- It appreciates the Australian dollar, as it struggles with the US dollar amid the escalation of commercial tensions and increasing economic interests.
- RBA governor, Sarah Hunter, confirmed that the central bank will be cautious about future price discounts.
- American economic data is added to the investor’s concerns, with retail sales in February.
The Australian dollar (AUD) is gaining a ground for the third consecutive session on Tuesday. AUD/USD pair reinforces the US dollar weakness (USD) amid increasing trade tensions and increasing economic interests in the United States (United States).
Sarah Hunter, the Australian Reserve Bank (RBA), stated late on Monday that the central bank will take a cautious approach to price discounts. February statement indicated that the RBA Council is more conservative than market expectations regarding more mitigation. Hunter also emphasized the monitoring of US policy decisions and their impact on inflation in Australia.
Aud may face pressure as US President Donald Trump confirmed plans to impose mutual and sectoral definitions on April 2. Trump stressed that there will be no exemptions for steel and aluminum and stated that the bridled tariff will be carried out in specific countries in addition to the duties of cars.

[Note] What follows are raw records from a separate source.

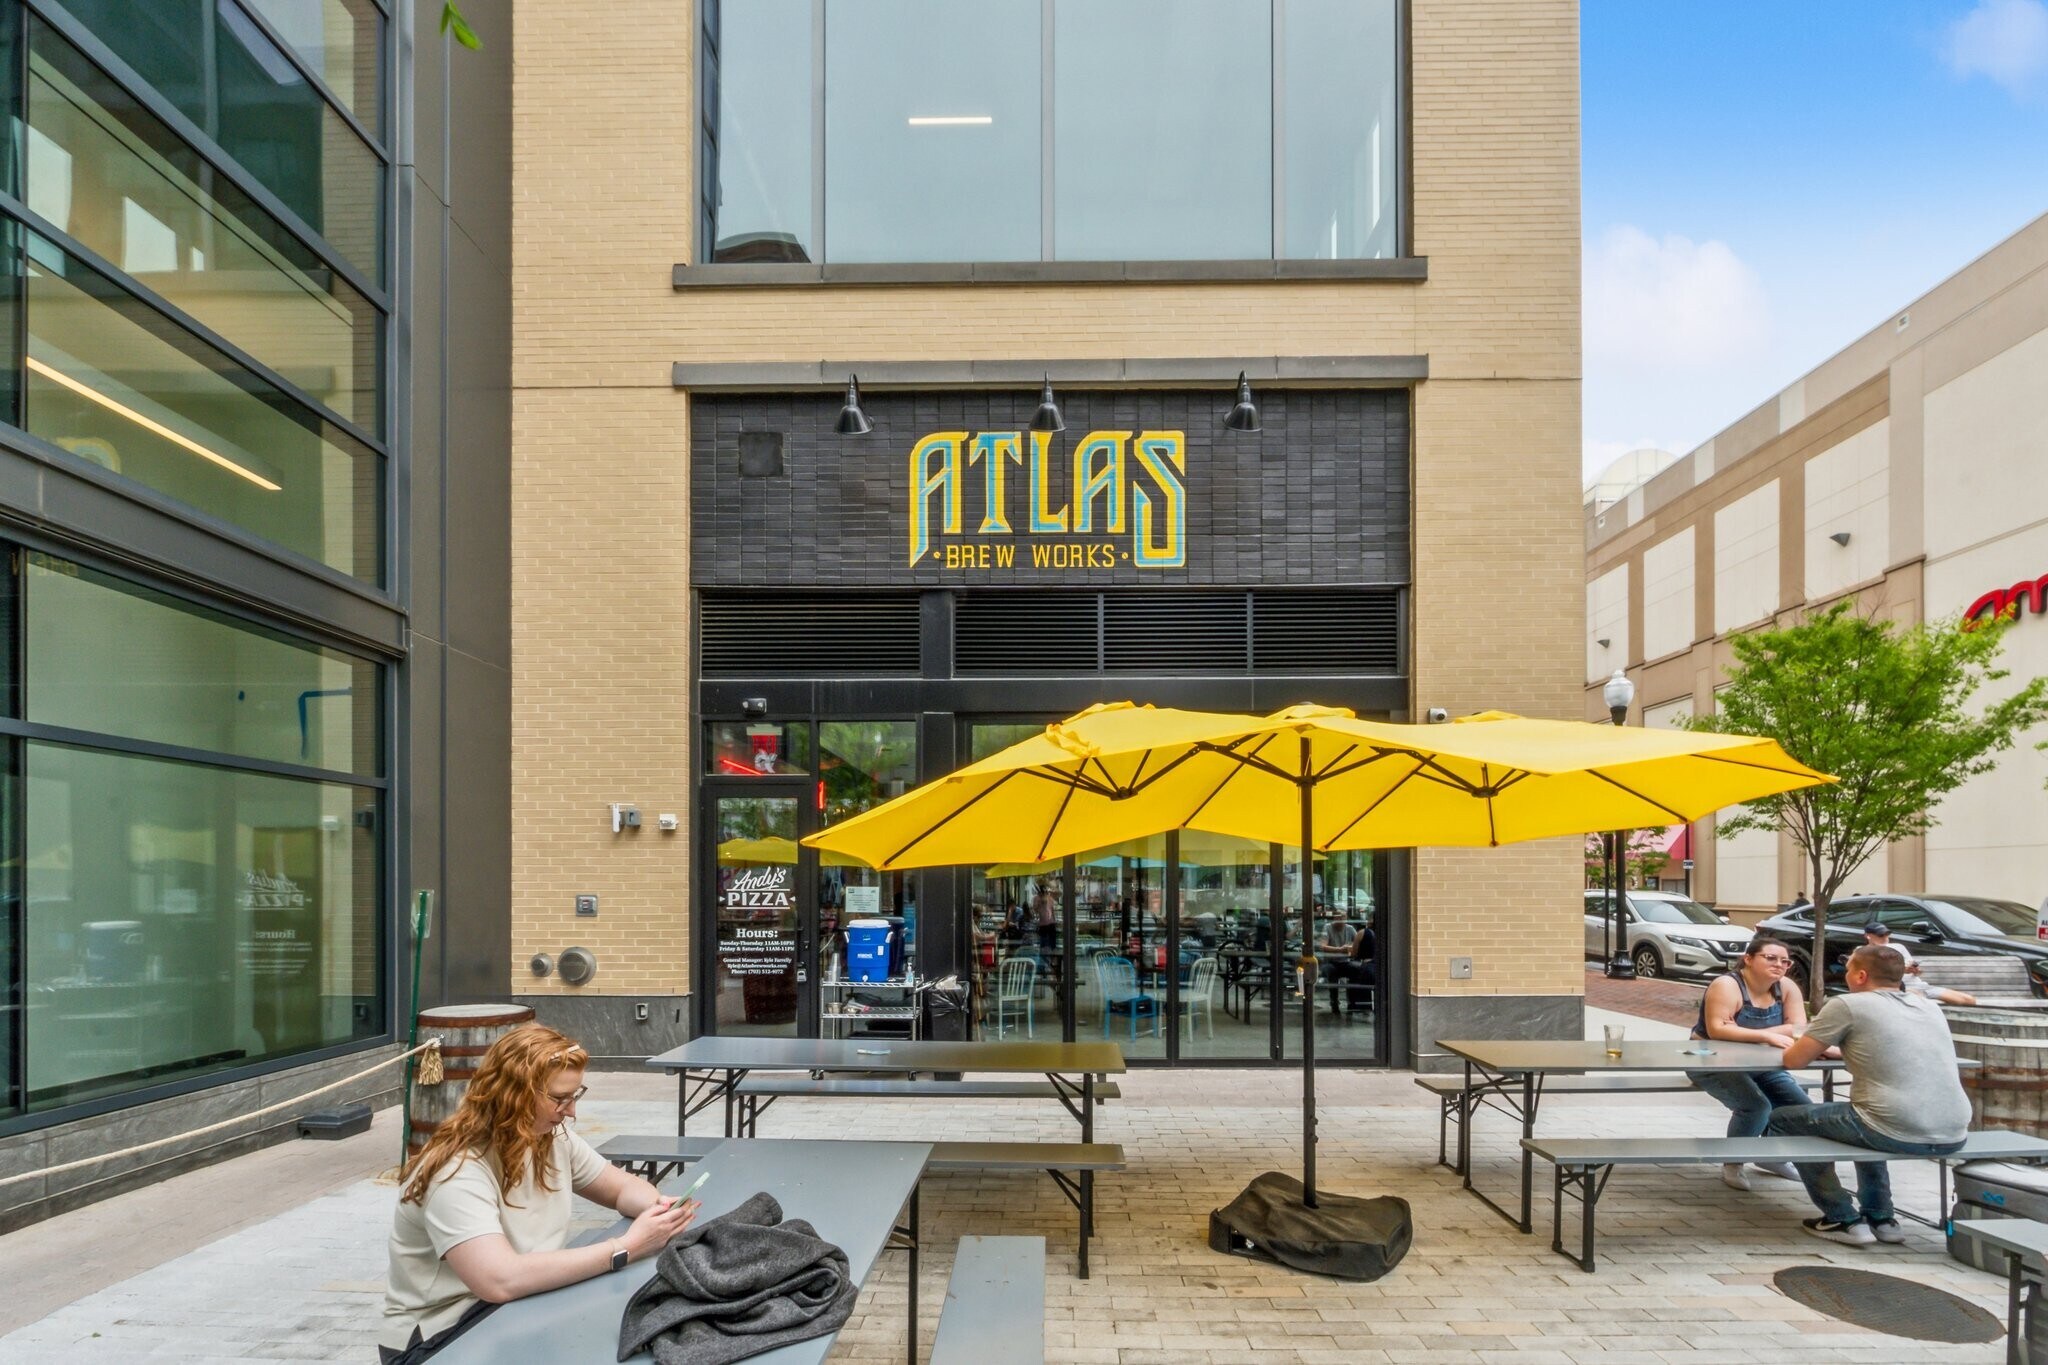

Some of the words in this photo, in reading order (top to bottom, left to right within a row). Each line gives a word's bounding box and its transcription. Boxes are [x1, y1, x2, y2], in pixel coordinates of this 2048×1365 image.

[909, 430, 1186, 568] ATLAS
[946, 544, 1015, 568] BREW
[1032, 544, 1115, 568] WORKS
[732, 866, 786, 892] Andy's
[727, 892, 789, 906] PIZZA
[736, 928, 778, 938] Hours:
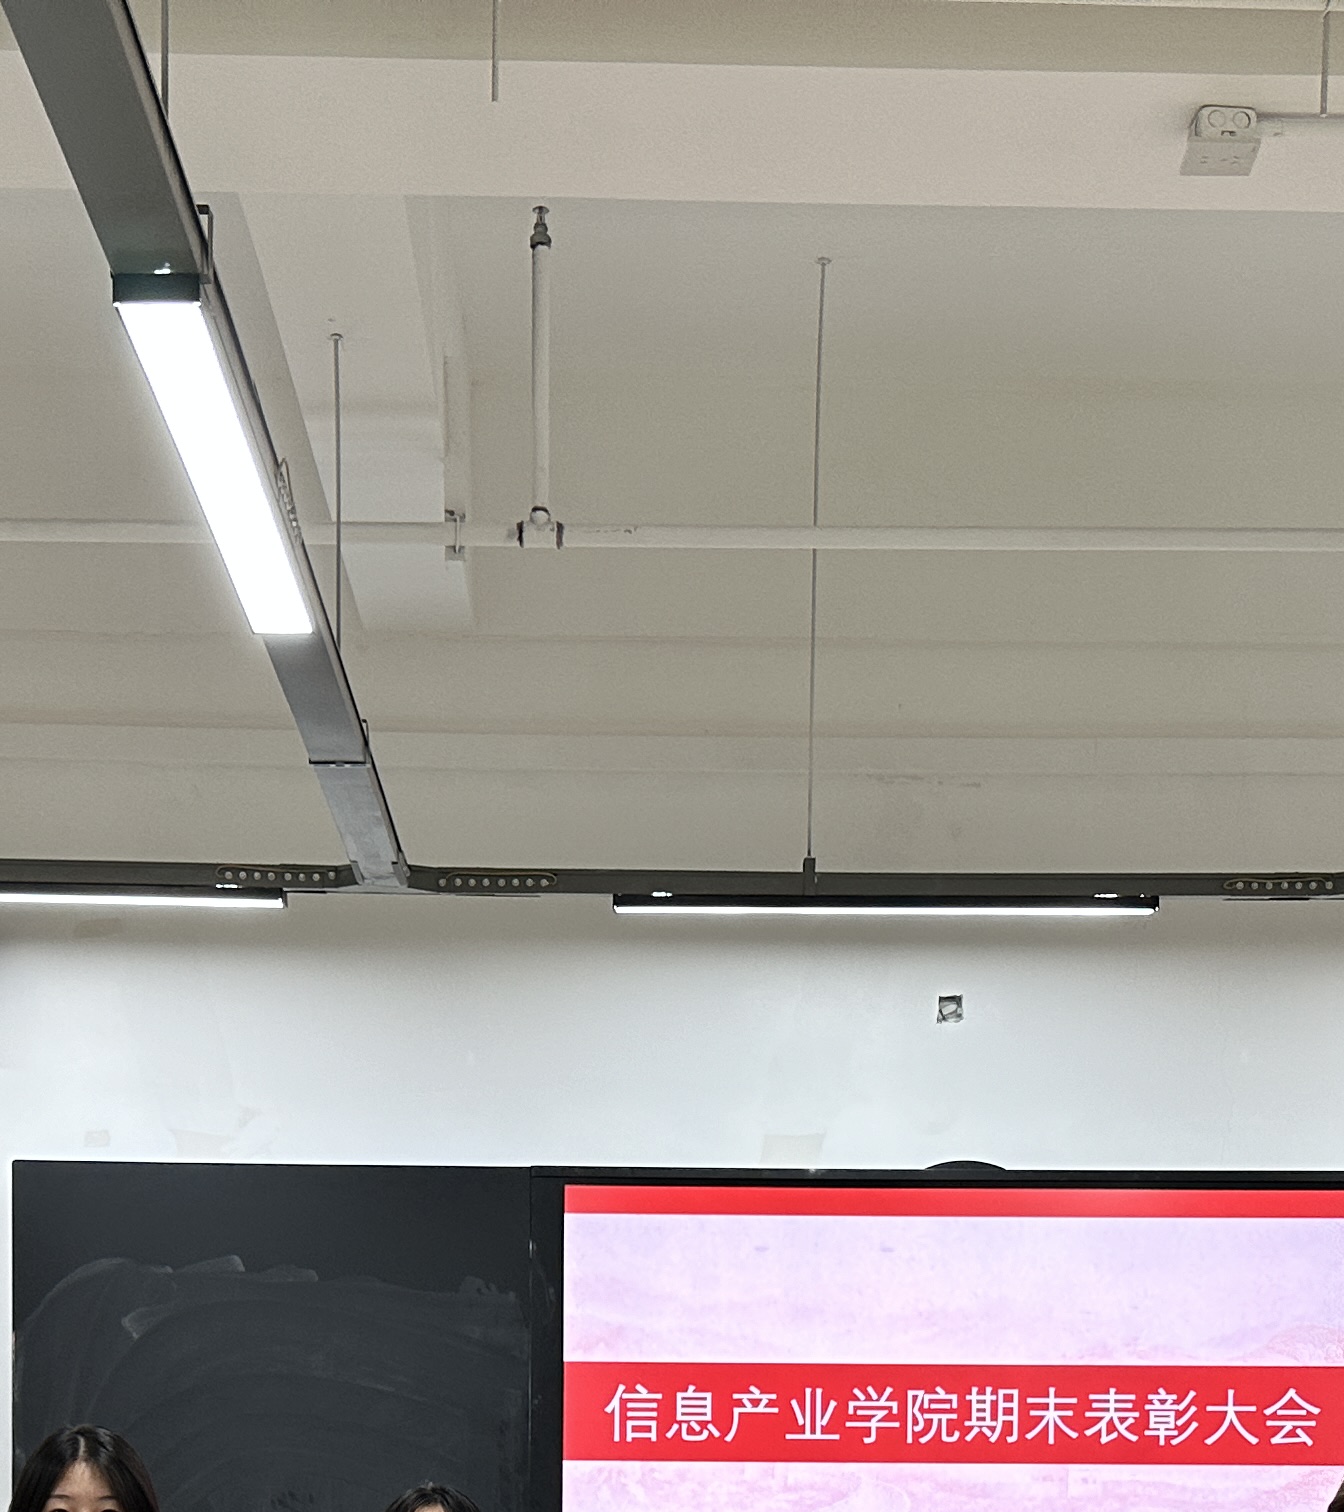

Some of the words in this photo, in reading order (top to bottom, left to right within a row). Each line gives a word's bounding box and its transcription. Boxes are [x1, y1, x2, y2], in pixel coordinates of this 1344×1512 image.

[605, 1384, 1322, 1447] 信息产业学院期末表彰大会

The Australian dollar found support after China provided a special action plan during the weekend aimed at promoting consumption and improving market morale throughout the region. The plan includes measures to raise wages, encourage home spending, and install stock and real estate markets. Any positive developments related to the Chinese motivation plan can support AUD, given the role of China as a major commercial partner in Australia.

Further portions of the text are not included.